# Provided material

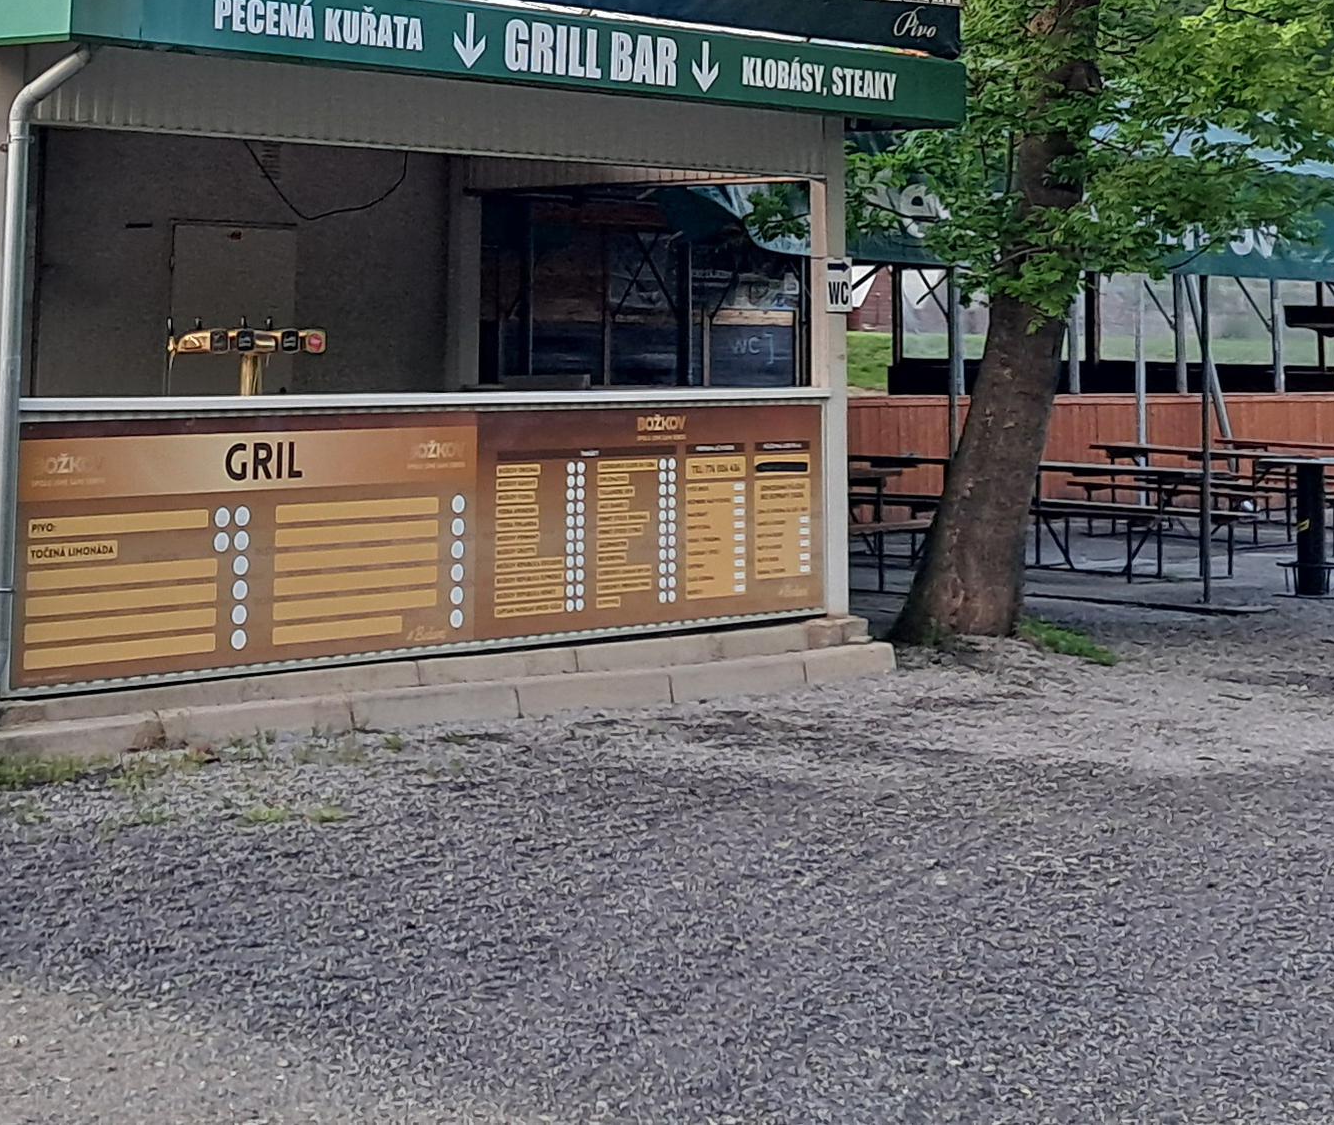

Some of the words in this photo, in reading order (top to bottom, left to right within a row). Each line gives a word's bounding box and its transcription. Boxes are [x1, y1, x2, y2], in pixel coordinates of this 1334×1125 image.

[324, 5, 423, 52] KUŘATA
[893, 6, 936, 38] Pivo
[504, 19, 601, 79] GRILL
[610, 29, 678, 87] BAR
[741, 56, 828, 97] KLOBÁSY,
[832, 66, 897, 101] STEAKY
[828, 280, 849, 305] WC
[636, 413, 687, 431] BOŽKOV
[225, 441, 303, 481] GRIL
[30, 547, 65, 559] TOČENÁ
[68, 545, 114, 557] LIMONÁDA

# Work order
Retype each line above precisely, please. Skip anything that is a picture.

# Output for this exercise
Some of the words in this photo, in reading order (top to bottom, left to right within a row). Each line gives a word's bounding box and its transcription. Boxes are [x1, y1, x2, y2], in pixel coordinates of this 1334×1125 image.

[324, 5, 423, 52] KUŘATA
[893, 6, 936, 38] Pivo
[504, 19, 601, 79] GRILL
[610, 29, 678, 87] BAR
[741, 56, 828, 97] KLOBÁSY,
[832, 66, 897, 101] STEAKY
[828, 280, 849, 305] WC
[636, 413, 687, 431] BOŽKOV
[225, 441, 303, 481] GRIL
[30, 547, 65, 559] TOČENÁ
[68, 545, 114, 557] LIMONÁDA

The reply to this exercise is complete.